Friday, July 8, 2011

"How long will you make a drunken show of yourself?'

The Bible is generally not seen as a funny book.  Most of it isn't, but then there's 1 Samuel 1:9-18.  It may just be my twisted sense of humor, but this passage cracks me up everytime I read it.

That passage focuses on Hannah, one of Elkanah's two wives.  Elkanah loved Hannah more than his other wife, Peninnah.  Peninnah responded to this troubling state of affairs by making constantly fun of Hannah for not having any children.

The two wives' bickering was at its worse each year when the family would take a pilgrimmage to the Lord's Temple at Shiloh.  Once there, Elkanah would make a big scene of honoring Hannah in his sacrifices.  Peninnah responded to this affront to her honor, by especially humiliate Hannah.  Then Hannah would weep and refuse to eat.
 
One night after the taunts had become too much, Hannah left the family meal and went to the Temple.  Hannah prayed furiously asking the Lord to give her a son and promising that she would give the son over to God.  Hannah wept through the prayers.  Her lips moved, but no words came out.

The reader of 1 Samuel is following Hannah's moving prayers and her passionate vow the Lord.  We are fully expecting a burst of sunlight shooting through the clouds to mark God's ascent or maybe an earthquake.  Something dramatic to make it clear that this woman's prayers have been heard and her suffering is coming to an end.

Instead of that glorious revelation, the head Temple priest thinks that Hannah is drunk and comes up to rebuke her.  He says, "How long will you make a drunken show of yourself?  Sober up from your wine!" 1 Samuel 14.

Hannah explains herself and the head priest eventually tells her,"Go in peace, and may the God of Israel grant you what you asked of him."

Hannah's prayer was answered and she did dedicate her son, Samuel, to God.  Samuel would become a great prophet.  1 Samuel 20.  He was even tasked by the Lord to annoint was the one that the Lord tasked with annointing Saul and David as Kings of Israel.

There are a bounty of stories and lessons from Samuel's life, but I still can't get over the image of his plaintive, praying mother being accused by the head priest of being drunk.  She'd fled the belittling remarks of Peninnah only to be further belittled in the Temple.

I enjoy irony too much not to laugh at that story every time that I hear it, especially since Samuel's first task from God was to tell that head priest he was finished.  There's a lesson in there not expecting prayers to be answered in the way that we think they should, but I think the more powerful lesson is in how Hannah responded to the head priest.

Hannah was already at the end of her rope.  Peninnah's hurtful taunts had driven her away from the family.  She's come to the Lord for sanctuary only to have one of His servants rebuke her.  Hannah could have stormed out of the Temple and said that was the last time she was going there to pray.  How many people have done something similar after a priest, pastor, or rabbi have said something challenging or hurtful?
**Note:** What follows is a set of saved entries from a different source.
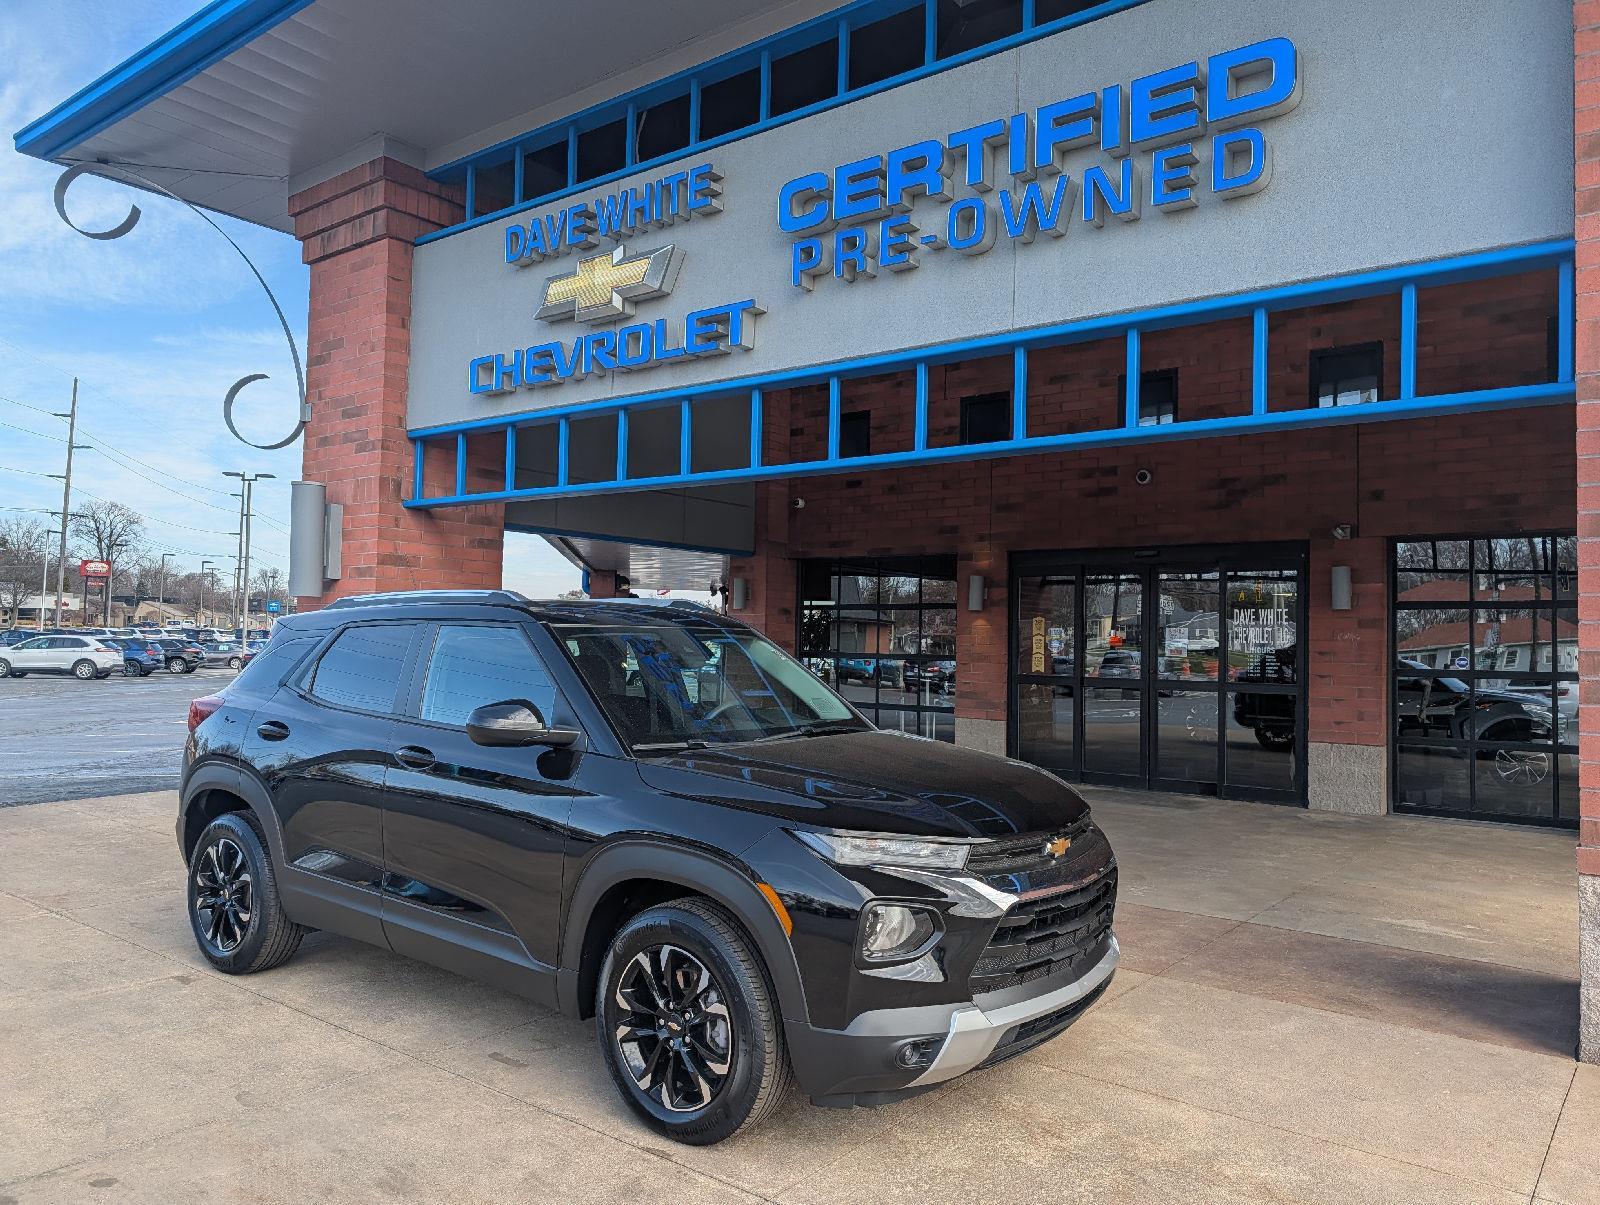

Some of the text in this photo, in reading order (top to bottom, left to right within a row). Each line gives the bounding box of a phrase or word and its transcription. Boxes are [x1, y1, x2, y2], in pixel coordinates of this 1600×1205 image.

[777, 37, 1298, 234] CERTIFIED
[504, 162, 714, 264] DAVE WHITE
[792, 127, 1267, 288] PRE-OWNED
[469, 298, 757, 395] CHEVROLET
[1233, 608, 1289, 626] DAVE WHITE
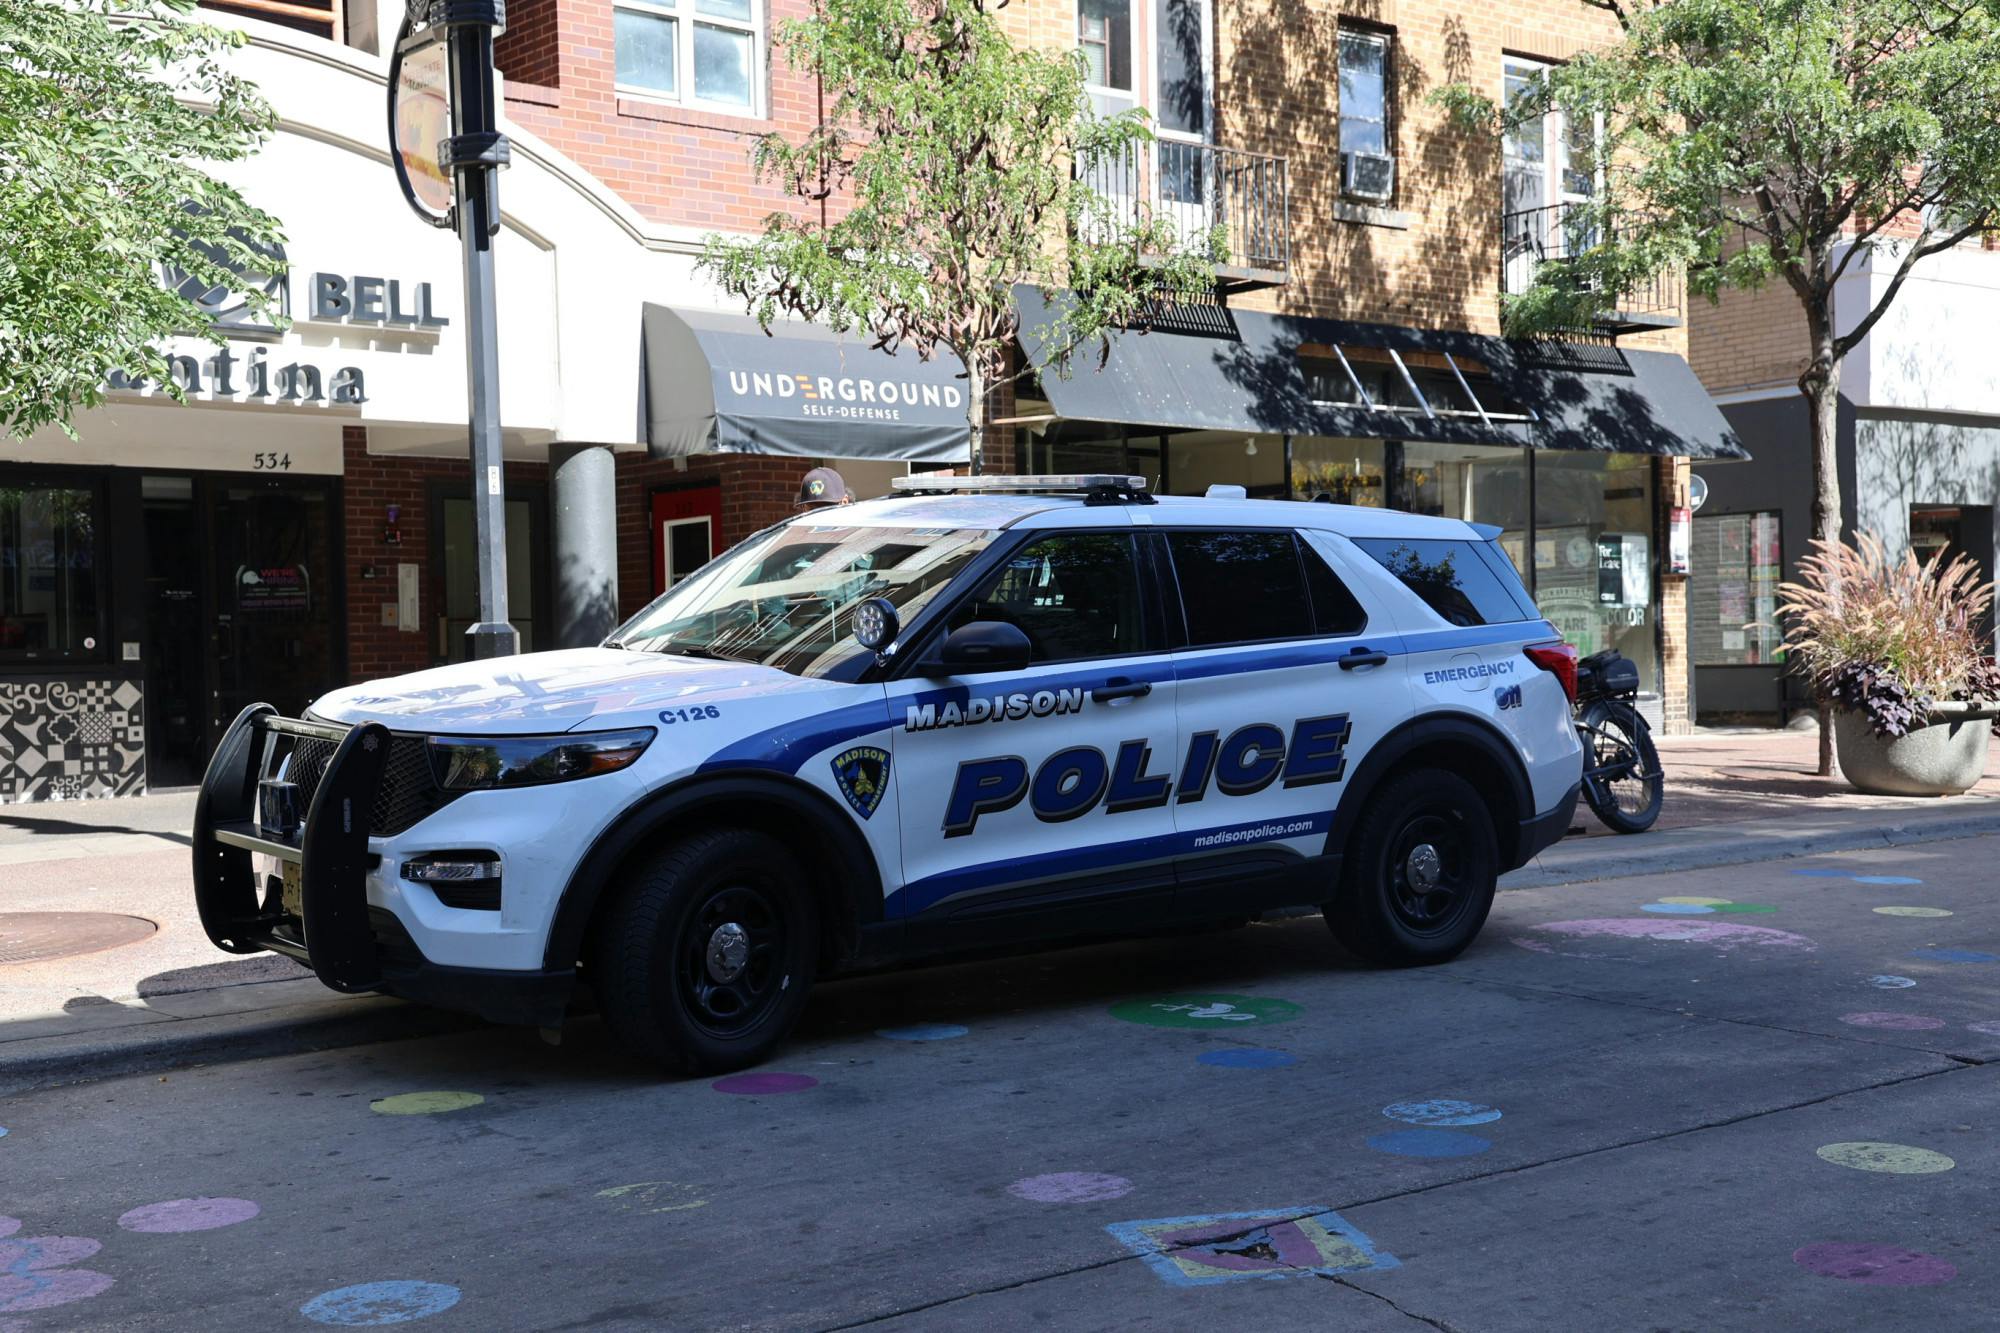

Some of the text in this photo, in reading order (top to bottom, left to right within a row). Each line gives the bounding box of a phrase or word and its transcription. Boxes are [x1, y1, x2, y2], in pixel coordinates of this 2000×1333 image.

[309, 272, 450, 326] BELL
[103, 346, 370, 404] antina
[729, 371, 962, 408] UNDERGROUND
[803, 404, 900, 420] SELF-DEFENSE
[253, 452, 292, 471] 534
[1424, 661, 1515, 684] EMERGENCY
[659, 705, 720, 724] C126
[904, 687, 1083, 732] MADISON
[835, 748, 886, 768] MADISON
[941, 712, 1352, 839] POLICE
[1194, 820, 1313, 847] madisonpolice.com
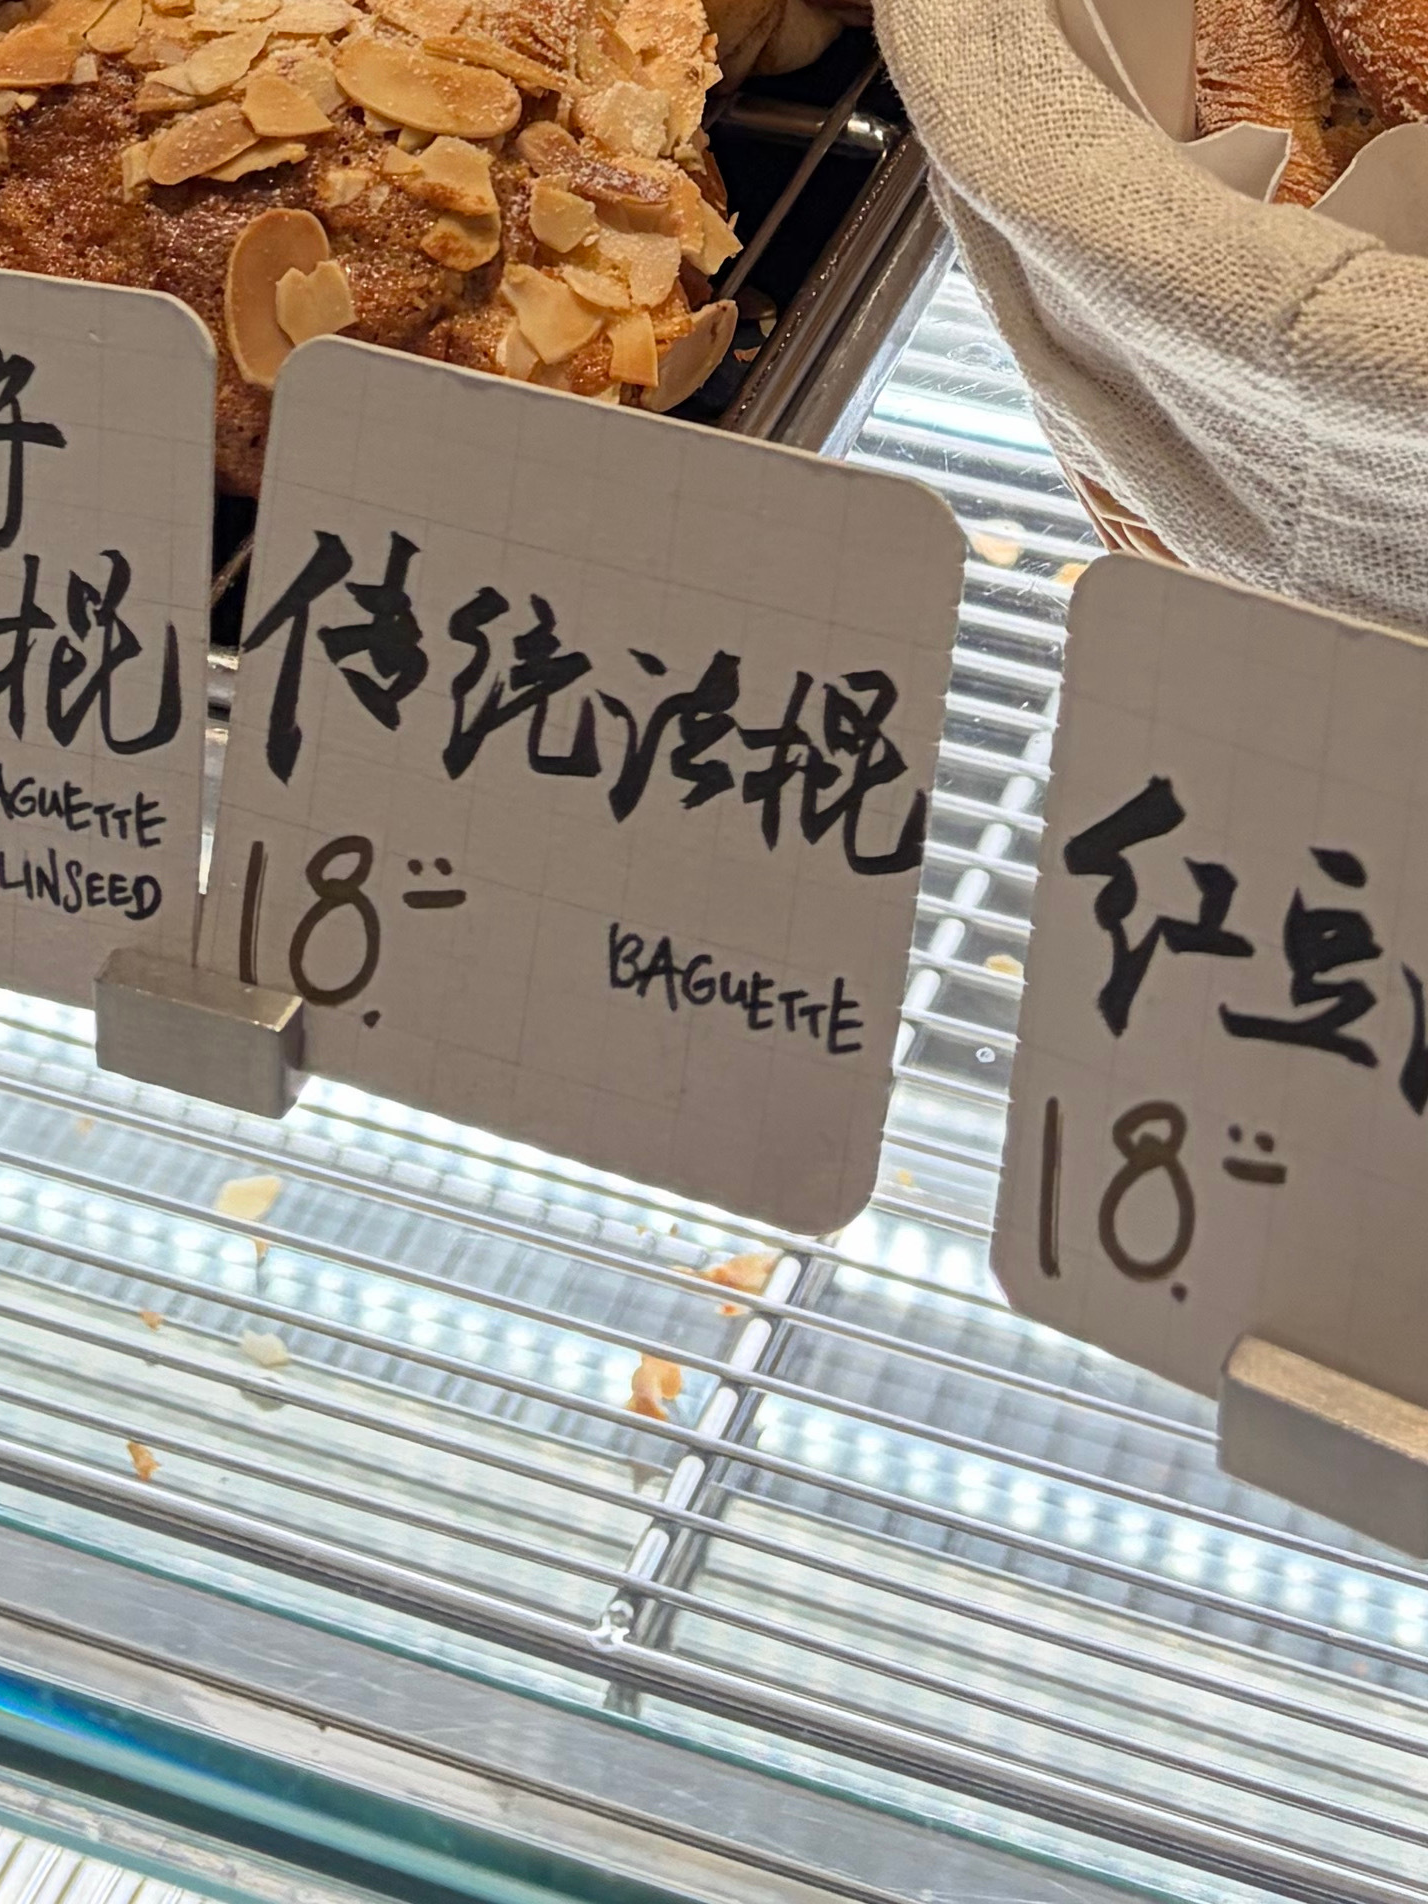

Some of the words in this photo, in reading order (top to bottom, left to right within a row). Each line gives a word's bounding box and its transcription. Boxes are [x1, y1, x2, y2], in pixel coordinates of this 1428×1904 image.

Hannah didn't.  She corrected the head priest.  Hannah told him what she was doing there and what she was asking of God.  She left with the head priest's blessing, not because he was a great head priest; but because she made him a better priest.

Hannah's lesson is that we cannot allow the failings of some of the practitioners of organized religion to become a barrier that prevents us from accessing the Divine.  As long as our churches and temples are manned by people, they will do things either on accident or even intentionally that will make us want to quit going. 

It's up to us not to let that happen.